■ TASK:
Consider the entries below. Count the lines holding the string "火災保険証券" and state the number only.

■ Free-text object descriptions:
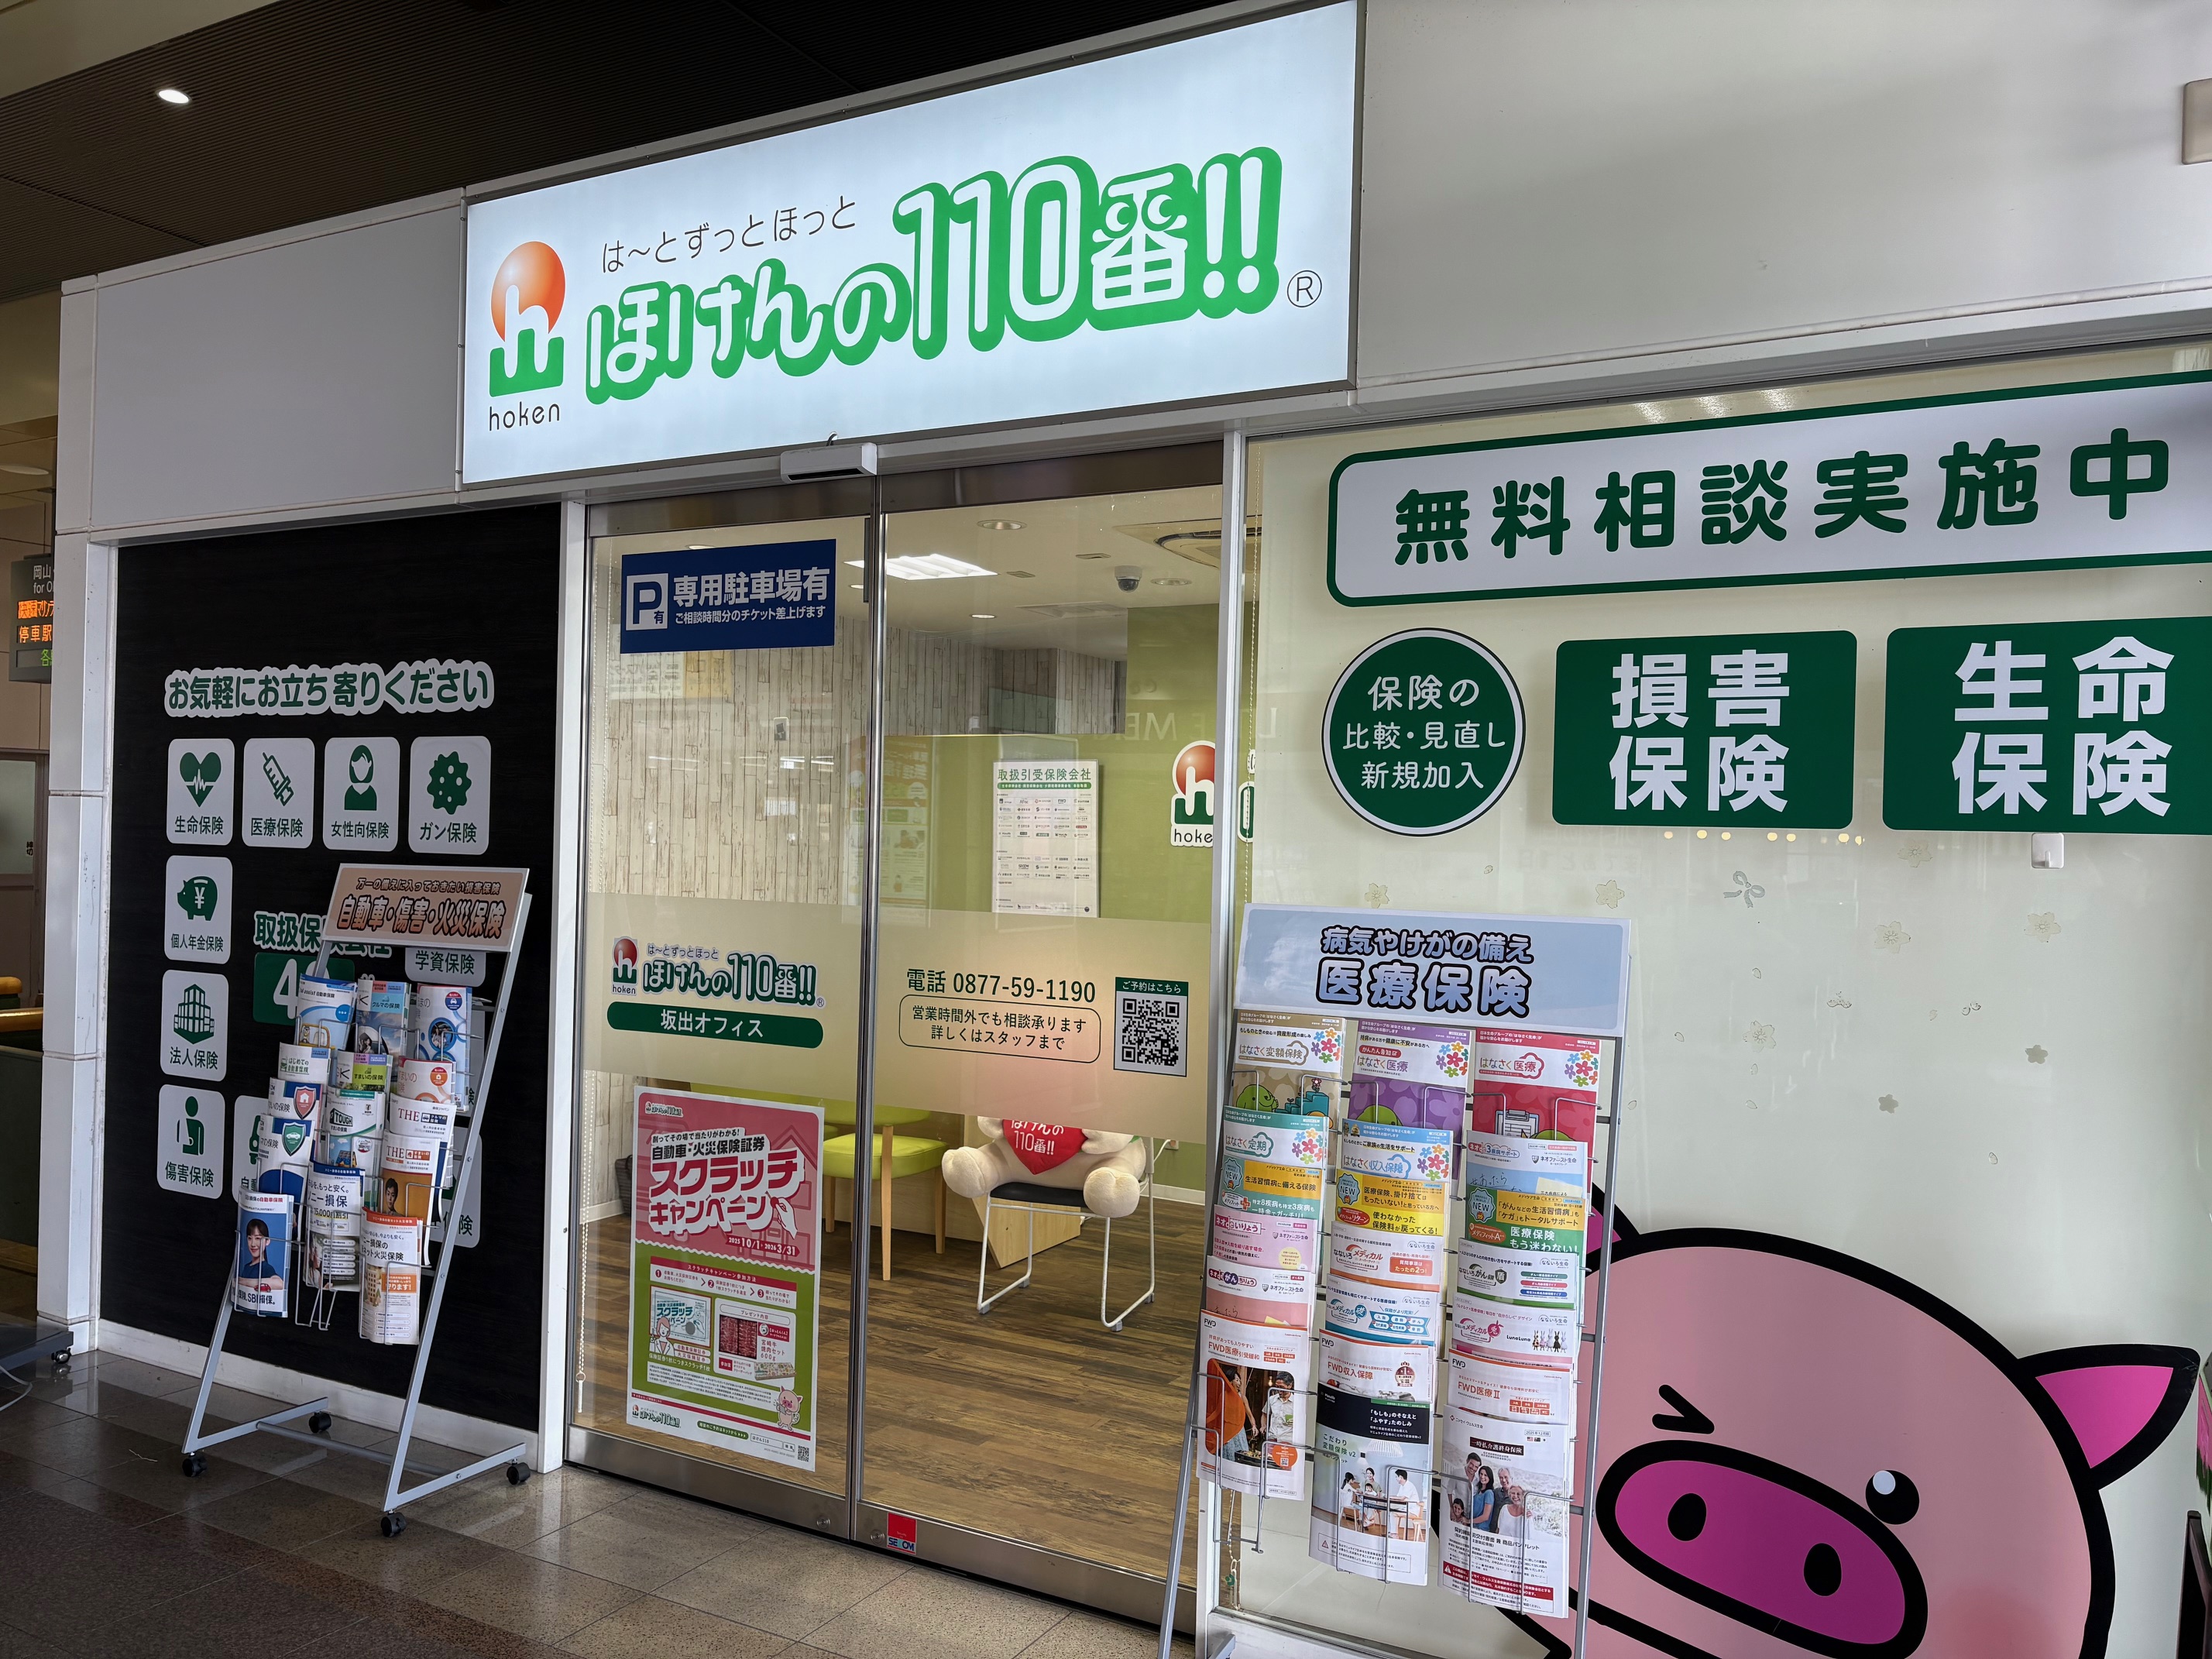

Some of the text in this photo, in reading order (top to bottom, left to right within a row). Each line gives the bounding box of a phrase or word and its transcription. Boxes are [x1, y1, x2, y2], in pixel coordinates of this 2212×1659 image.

[586, 147, 1282, 404] ほけんの110番!!
[488, 403, 561, 432] hoken
[1393, 427, 2172, 566] 無料相談実施中
[33, 582, 45, 594] for
[673, 566, 830, 608] 専用駐車場有
[632, 580, 663, 625] P
[675, 605, 826, 625] ご相談時間分のチケット差上げます
[19, 624, 53, 643] 停車駅
[40, 649, 53, 667] 各
[168, 669, 489, 710] お気軽にお立ち寄りください
[1954, 636, 2176, 725] 生命
[1366, 675, 1480, 712] 保険の
[1610, 650, 1791, 730] 損害
[1342, 718, 1509, 753] 比較・見直し
[998, 768, 1091, 781] 取扱引受保険会社
[1361, 759, 1486, 791] 新規加入
[1609, 733, 1791, 813] 保険
[1951, 730, 2173, 817] 保険
[174, 816, 224, 836] 生命保険
[250, 817, 304, 838] 医療保険
[331, 820, 390, 840] 女性向保険
[419, 821, 477, 844] ガン保険
[356, 878, 501, 895] 万一の備えに入っておきたい損害保険
[337, 895, 506, 939] 自動車・傷害・火災保険
[171, 933, 224, 953] 個人年金保険
[1321, 925, 1534, 965] 病気やけがの備え
[415, 950, 475, 976] 学資保険
[643, 952, 816, 1006] ほけんの110番!!
[906, 968, 1096, 1003] 電話 0877-59-1190
[1121, 980, 1182, 994] ご予約はこちら
[1316, 957, 1533, 1018] 医療保険
[612, 984, 636, 994] hoken
[661, 1008, 764, 1037] 坂出オフィス
[912, 1005, 1087, 1034] 営業時間外でも相談承ります
[931, 1025, 1066, 1051] 詳しくはスタッフまで
[1360, 1035, 1430, 1048] 持病がある方や健康に不安がある方へ
[170, 1046, 218, 1070] 法人保険
[1239, 1043, 1303, 1060] はなさく変額保険
[1357, 1056, 1408, 1073] はなさく医療
[1480, 1057, 1537, 1073] はなさく医療
[354, 1073, 383, 1081] すまいの保険
[398, 1108, 420, 1121] THE
[652, 1129, 740, 1143] 削ってその場で当たりがわかる!
[1013, 1130, 1055, 1156] 110番!!
[1225, 1135, 1266, 1152] はなさく定期
[1344, 1138, 1416, 1152] もしものときにご家族の生活をサポート
[387, 1146, 404, 1159] THE
[652, 1136, 764, 1160] 自動車・火災保険証券
[651, 1149, 798, 1197] スクラッチ
[1344, 1155, 1403, 1173] はなさく収入保障
[165, 1161, 214, 1188] 傷害保険
[1225, 1171, 1238, 1180] NEW
[1245, 1176, 1317, 1191] 生活習慣病に備える保険
[1340, 1185, 1356, 1196] NEW
[1364, 1187, 1427, 1200] 医療保険、掛け捨ては
[650, 1194, 767, 1225] キャンペーン
[1252, 1199, 1314, 1212] 特定8疾病も特定3疾病も
[1364, 1196, 1440, 1211] もったいない!と思っている方へ
[1472, 1202, 1490, 1212] NEW
[1498, 1201, 1580, 1218] 「がんなどの生活習慣病」も
[1372, 1211, 1416, 1224] 使わなかった
[1498, 1211, 1578, 1226] 「ケガ」もトータルサポート
[1372, 1221, 1437, 1235] 保険料が戻ってくる!
[1510, 1226, 1555, 1242] 医療保険
[1510, 1238, 1578, 1253] もう迷わない!
[688, 1265, 757, 1283] スクラッチキャンペーン参加方法
[657, 1307, 693, 1317] スクラッチ
[740, 1310, 768, 1321] プレゼント内容
[1204, 1318, 1217, 1328] FWD
[678, 1345, 706, 1355] 自動車保険証券
[761, 1346, 785, 1355] 焼肉セット
[1208, 1341, 1260, 1360] FWD医療引受緩和
[1322, 1338, 1334, 1347] FWD
[649, 1353, 710, 1372] 保険証券1枚につきスクラッチ1枚
[678, 1352, 706, 1362] 火災保険証券
[1452, 1358, 1466, 1368] FWD
[1328, 1361, 1374, 1380] FWD収入保障
[1370, 1409, 1417, 1420] 「もしも」のそなえと
[1370, 1417, 1412, 1427] 「ふやす」たのしみ
[1322, 1441, 1348, 1456] 変額保険
[1323, 1434, 1347, 1446] こだわり

■ RESPONSE TO THE EXERCISE:
2